Referring expression grounding data:
------------

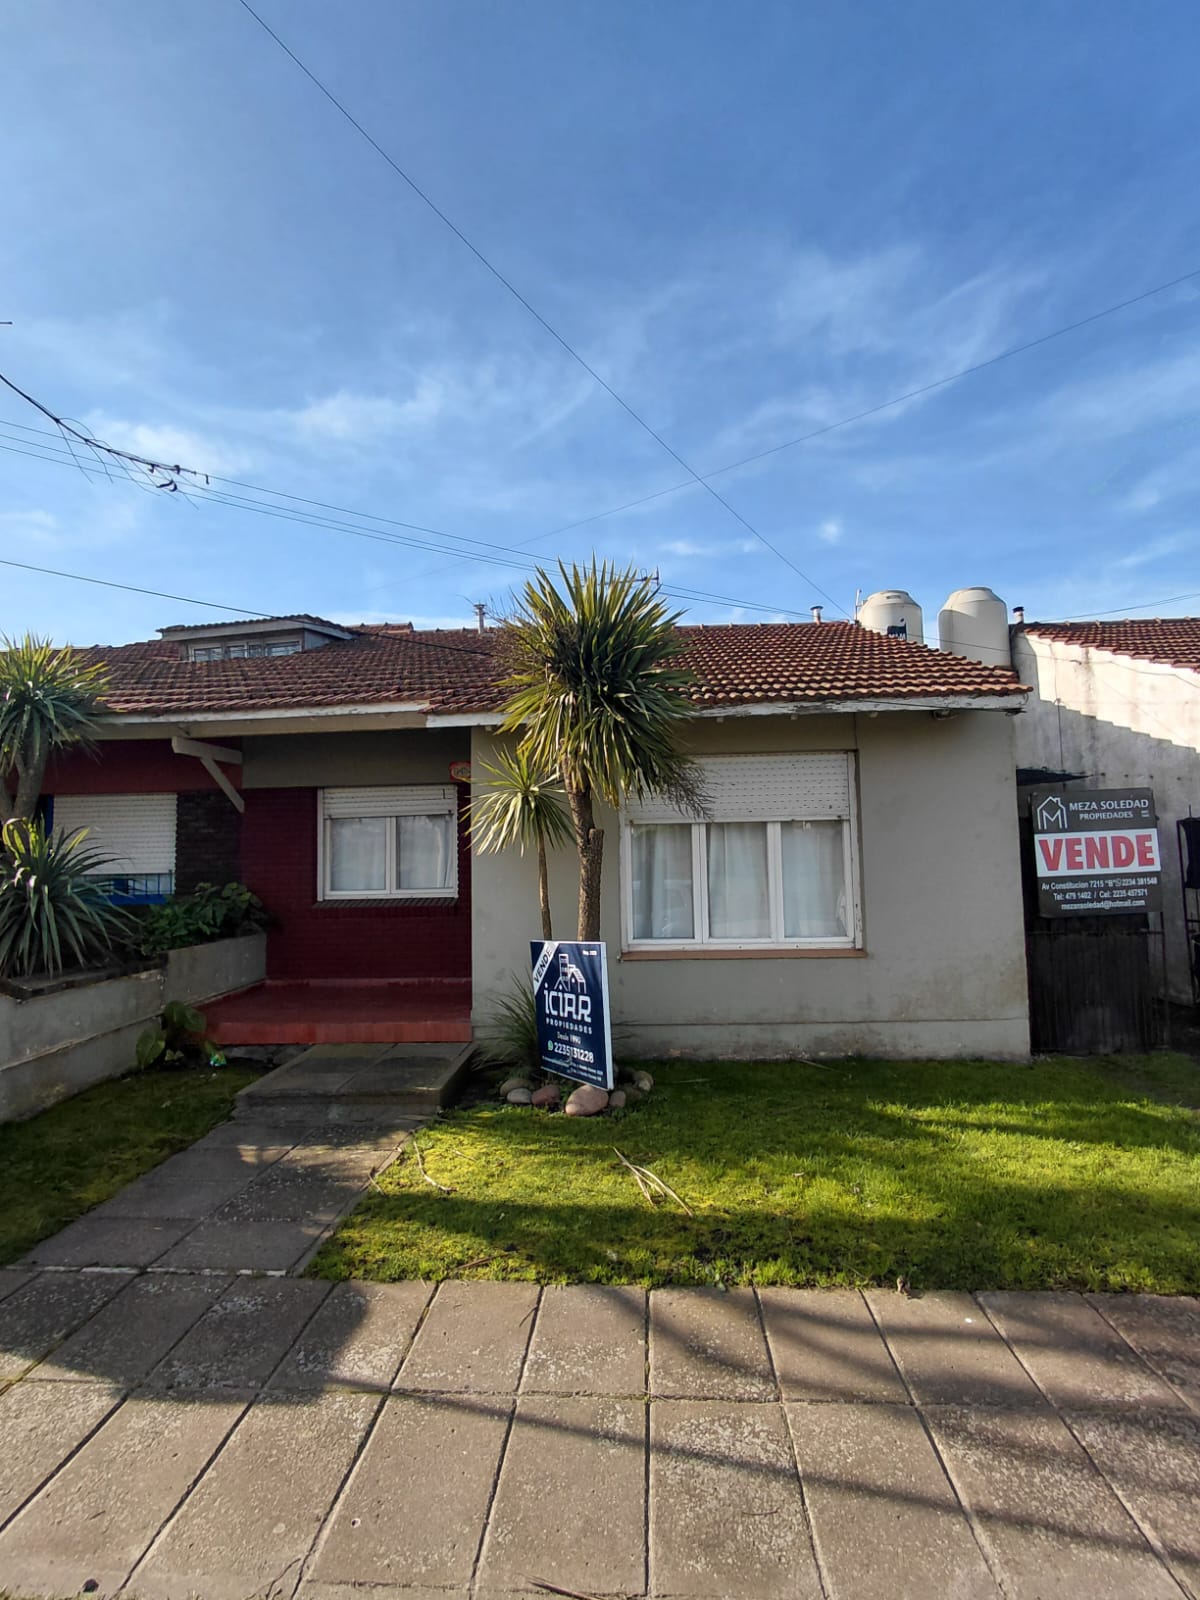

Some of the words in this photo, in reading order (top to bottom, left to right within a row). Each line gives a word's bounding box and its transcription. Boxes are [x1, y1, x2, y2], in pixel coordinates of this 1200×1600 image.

[1069, 801, 1098, 811] MEZA
[1100, 799, 1149, 810] SOLEDAD
[1079, 810, 1134, 820] PROPIEDADES
[1038, 834, 1155, 871] VENDE
[534, 947, 552, 983] VENDE
[545, 1017, 593, 1035] PROPIEDADES
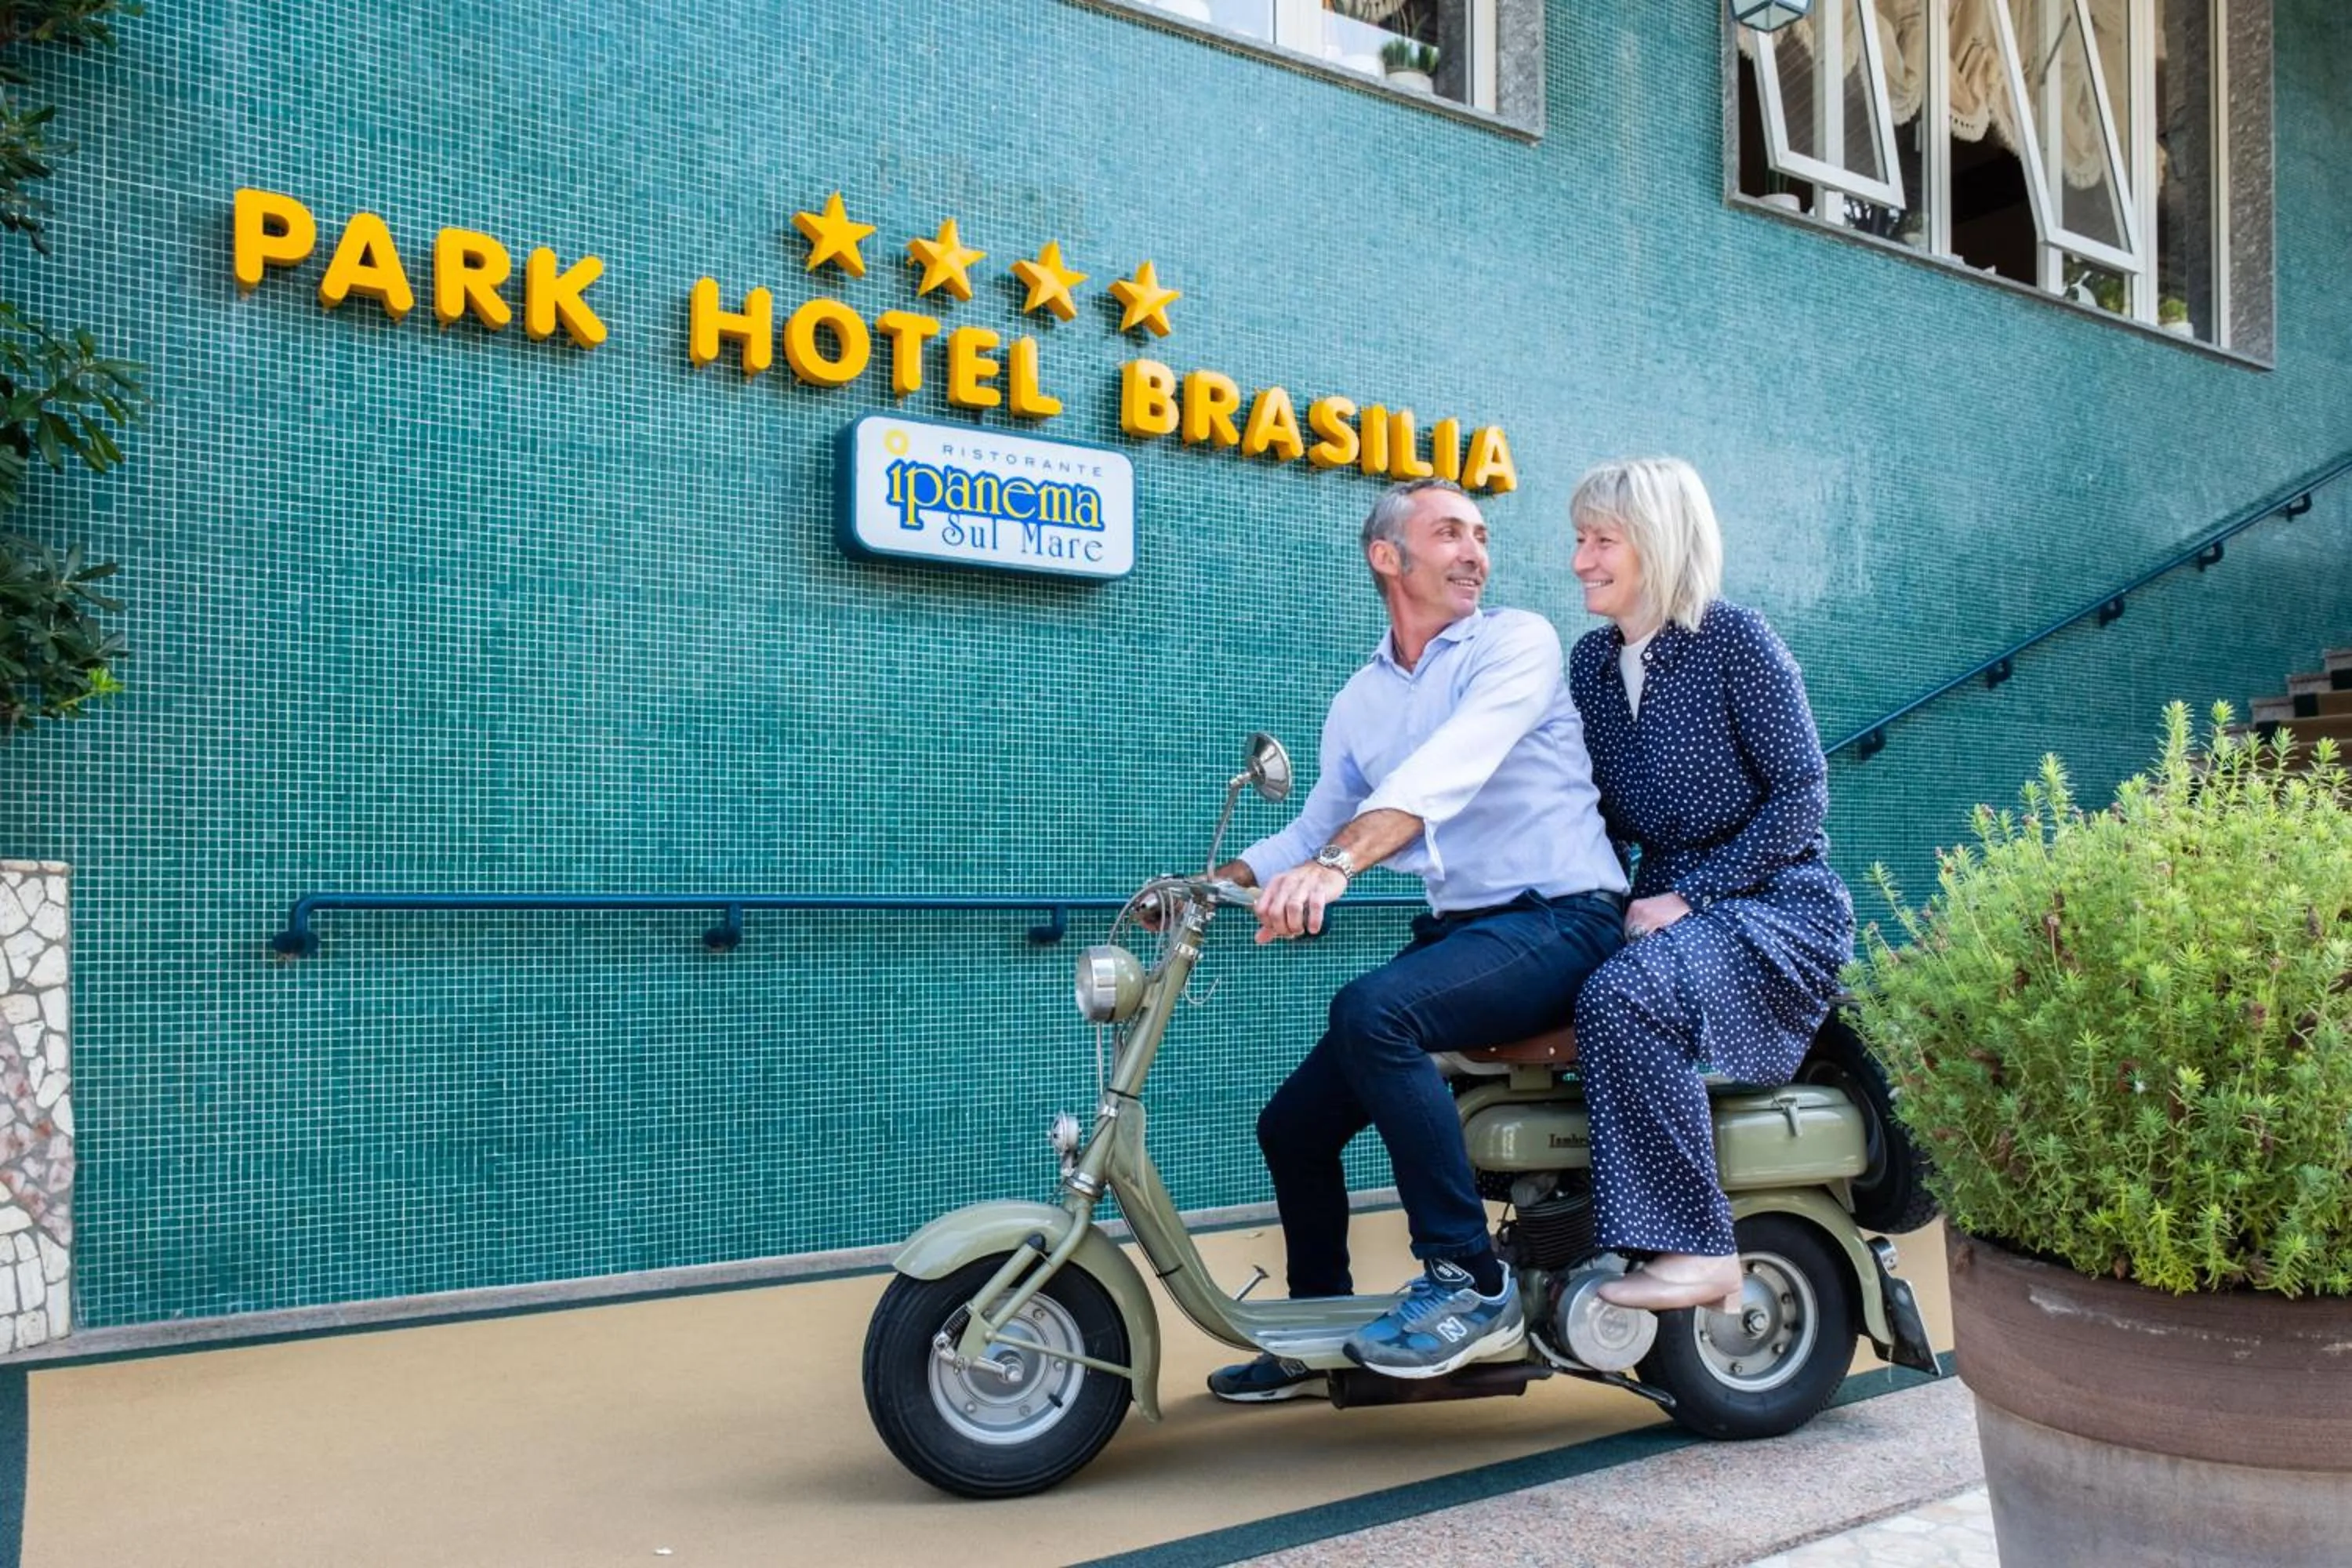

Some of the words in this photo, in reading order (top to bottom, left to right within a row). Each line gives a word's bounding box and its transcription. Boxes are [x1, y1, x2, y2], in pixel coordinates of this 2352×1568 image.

[234, 187, 608, 350] PARK
[689, 275, 1063, 418] HOTEL
[1120, 358, 1518, 493] BRASILIA
[942, 444, 1103, 477] RISTORANTE
[941, 514, 998, 550] Sul
[1021, 521, 1104, 562] Mare
[1548, 1133, 1588, 1149] Lambr
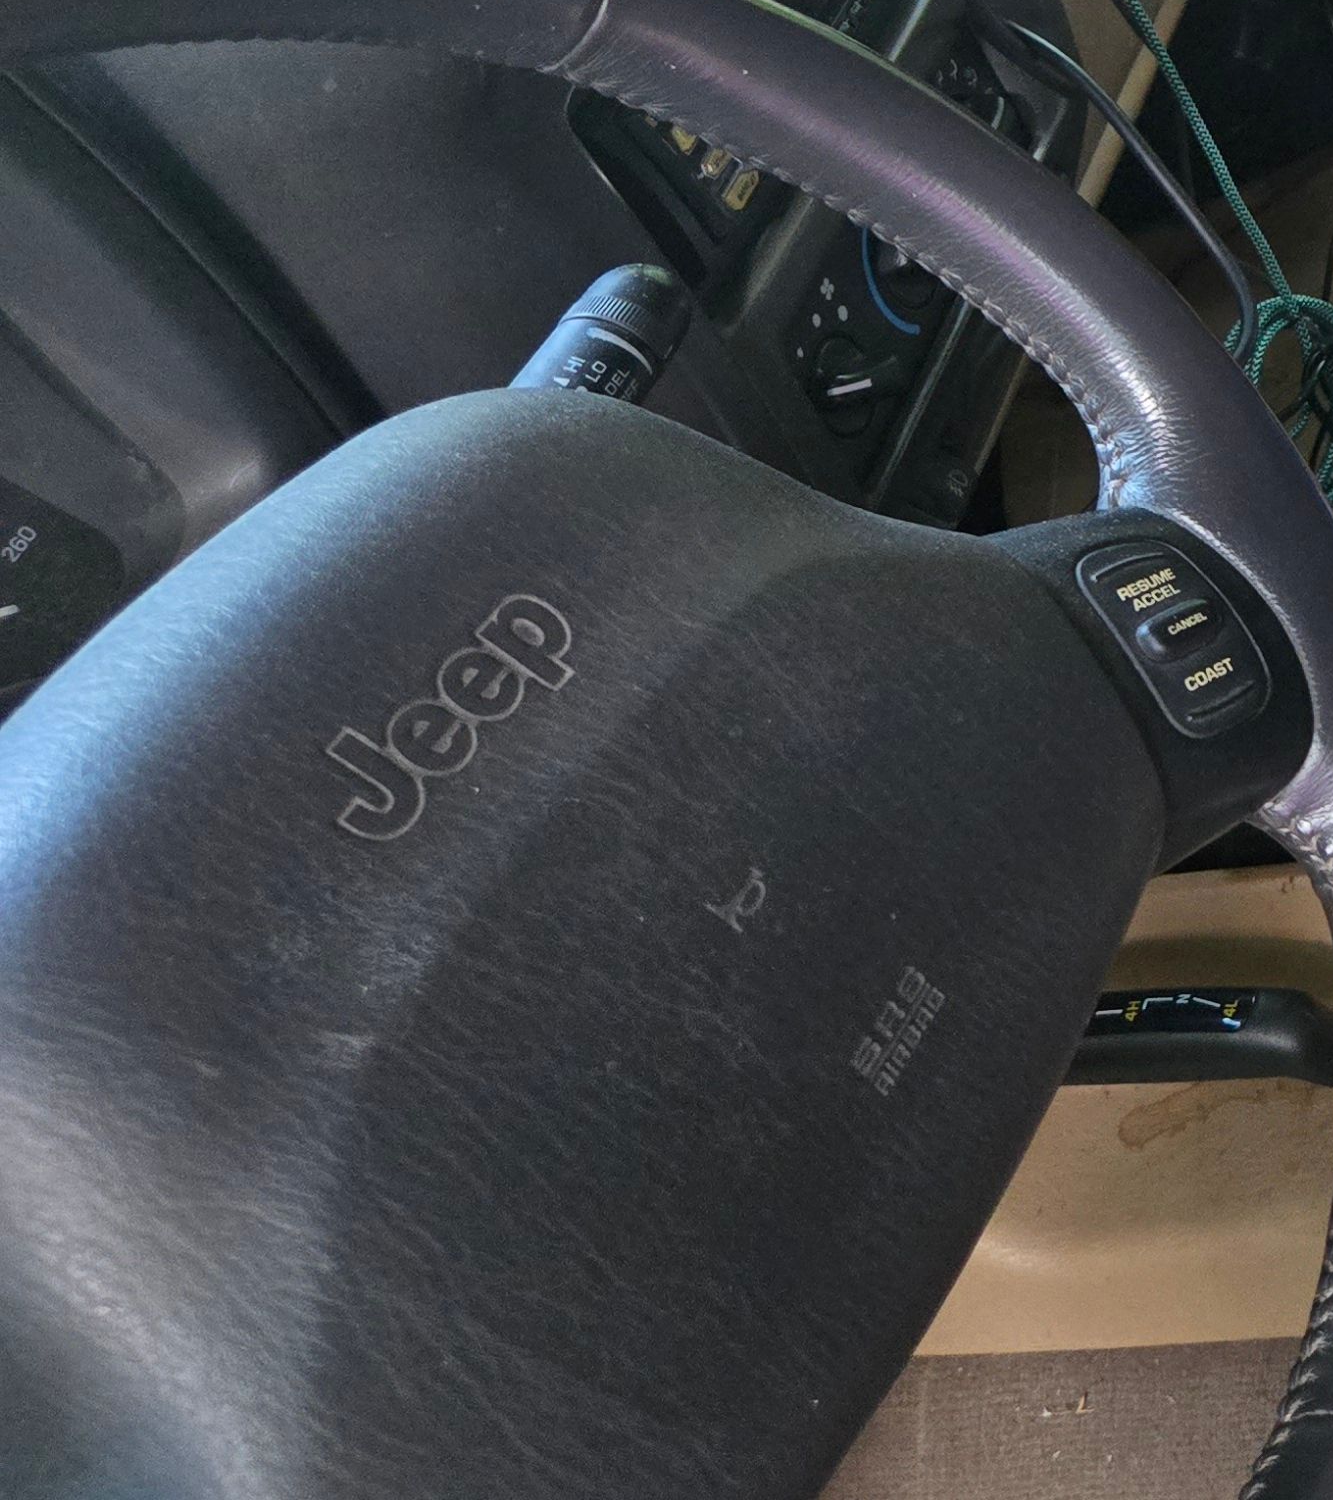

------------

**EXERCISE REQUIREMENTS**
Without including any pictures, output each entry above exactly as it appears.

**RESPONSE**
Some of the words in this photo, in reading order (top to bottom, left to right within a row). Each line gives a word's bounding box and its transcription. Boxes are [x1, y1, x2, y2], in pixel coordinates of this 1200×1600 image.

[1069, 801, 1098, 811] MEZA
[1100, 799, 1149, 810] SOLEDAD
[1079, 810, 1134, 820] PROPIEDADES
[1038, 834, 1155, 871] VENDE
[534, 947, 552, 983] VENDE
[545, 1017, 593, 1035] PROPIEDADES

Some of the words in this photo, in reading order (top to bottom, left to right within a row). Each line gives a word's bounding box and its transcription. Boxes are [x1, y1, x2, y2], in pixel coordinates of this 2352×1568 image.

[234, 187, 608, 350] PARK
[689, 275, 1063, 418] HOTEL
[1120, 358, 1518, 493] BRASILIA
[942, 444, 1103, 477] RISTORANTE
[941, 514, 998, 550] Sul
[1021, 521, 1104, 562] Mare
[1548, 1133, 1588, 1149] Lambr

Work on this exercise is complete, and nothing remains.